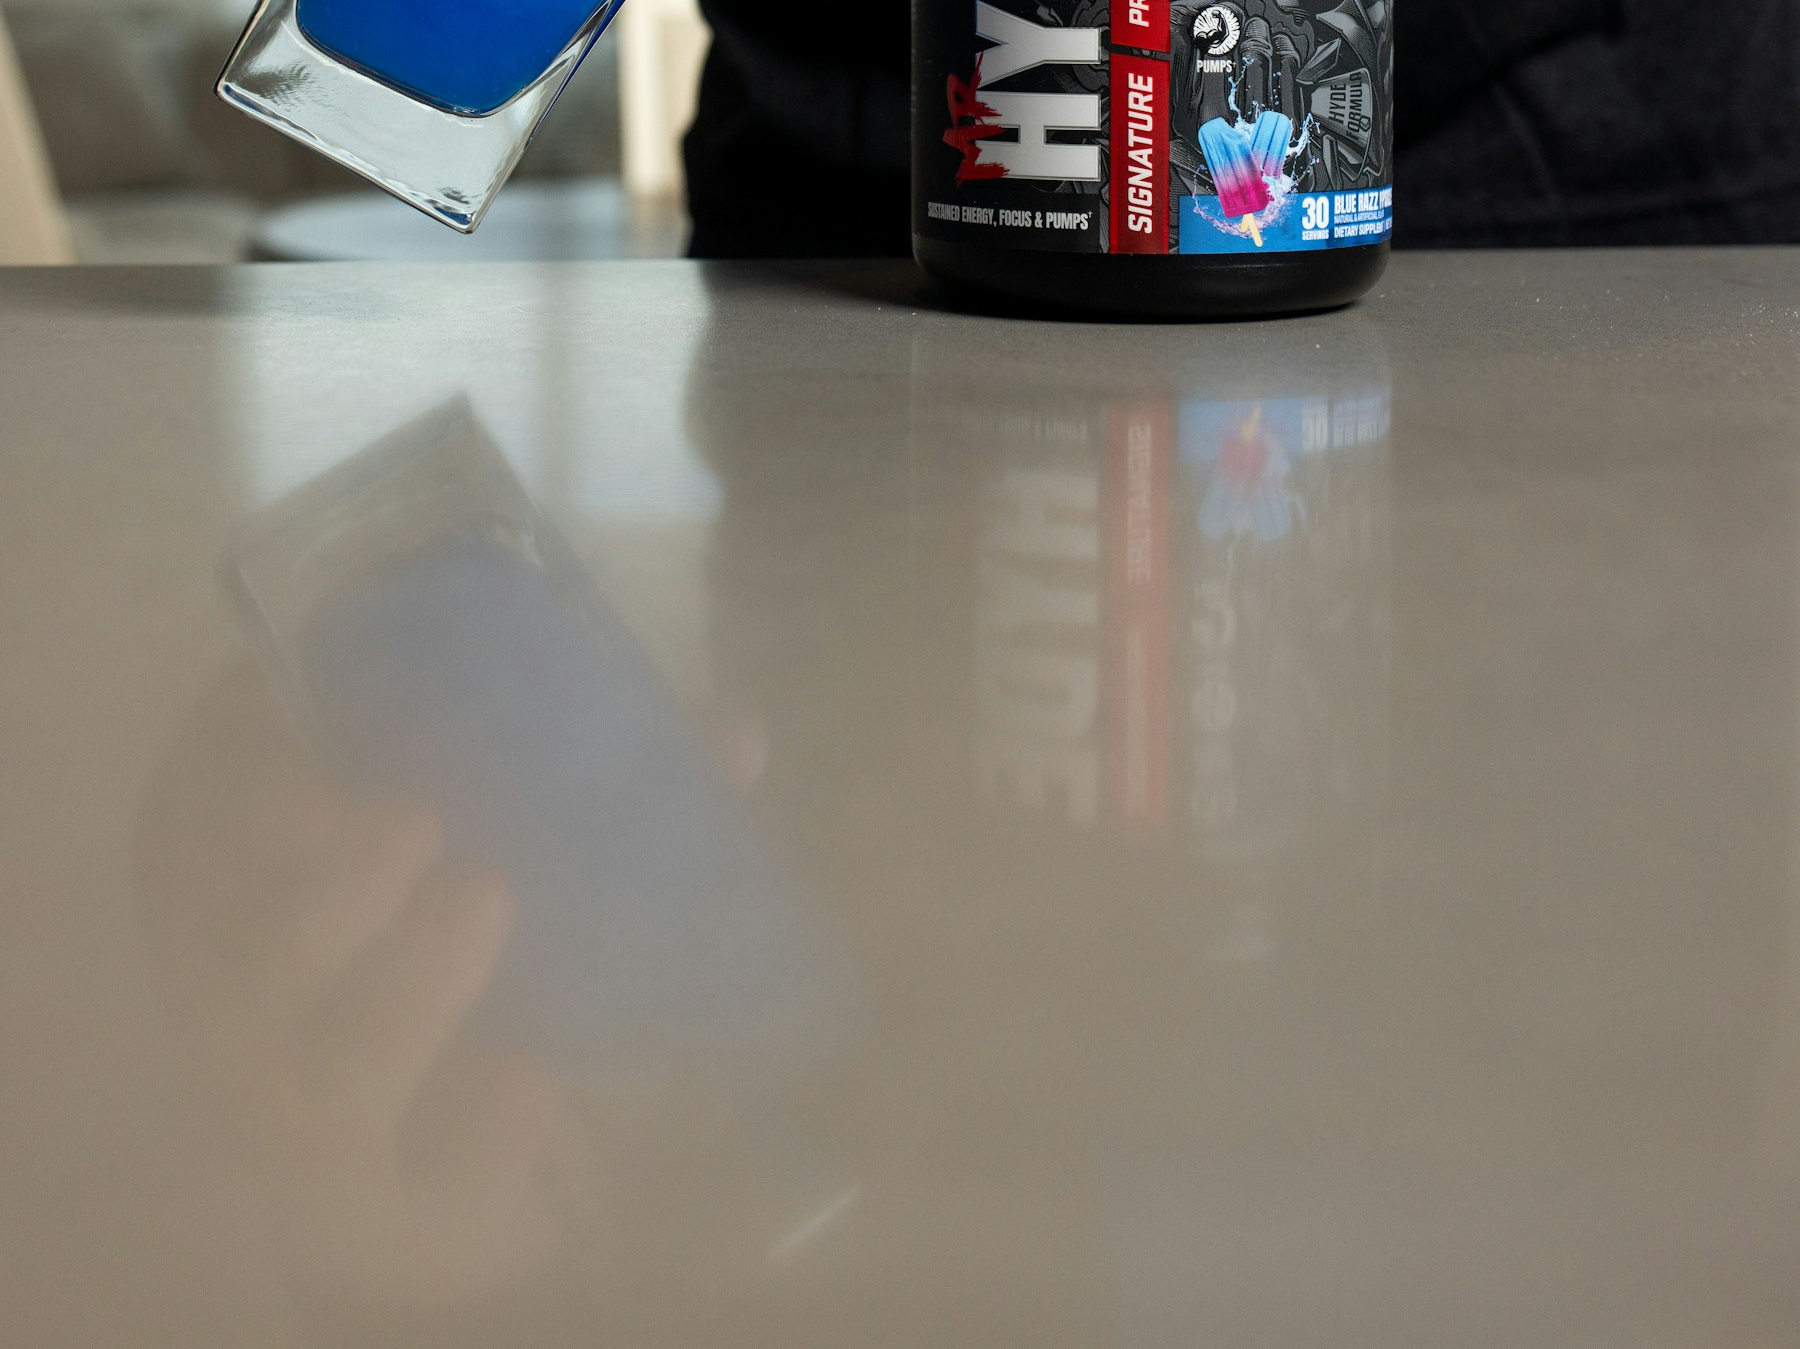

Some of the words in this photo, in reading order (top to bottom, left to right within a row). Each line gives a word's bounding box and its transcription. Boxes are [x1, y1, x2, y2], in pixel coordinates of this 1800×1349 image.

[1328, 83, 1346, 125] HYDE
[1346, 71, 1363, 141] FORMULA
[1128, 72, 1154, 234] SIGNATURE
[928, 202, 960, 222] SUSTAINED
[961, 205, 997, 227] ENERGY,
[999, 209, 1032, 228] FOCUS
[1035, 211, 1043, 228] &
[1302, 196, 1330, 230] 30
[1334, 193, 1357, 215] BLUE
[1358, 191, 1379, 212] RAZZ
[1302, 230, 1330, 241] SERVINGS
[1334, 224, 1358, 239] DIETARY

++++

*EXERCISE:* Retype every entry word for word, but do not carry over the pictures.

*RESULT BELOW:*
Some of the words in this photo, in reading order (top to bottom, left to right within a row). Each line gives a word's bounding box and its transcription. Boxes are [x1, y1, x2, y2], in pixel coordinates of this 1800×1349 image.

[1328, 83, 1346, 125] HYDE
[1346, 71, 1363, 141] FORMULA
[1128, 72, 1154, 234] SIGNATURE
[928, 202, 960, 222] SUSTAINED
[961, 205, 997, 227] ENERGY,
[999, 209, 1032, 228] FOCUS
[1035, 211, 1043, 228] &
[1302, 196, 1330, 230] 30
[1334, 193, 1357, 215] BLUE
[1358, 191, 1379, 212] RAZZ
[1302, 230, 1330, 241] SERVINGS
[1334, 224, 1358, 239] DIETARY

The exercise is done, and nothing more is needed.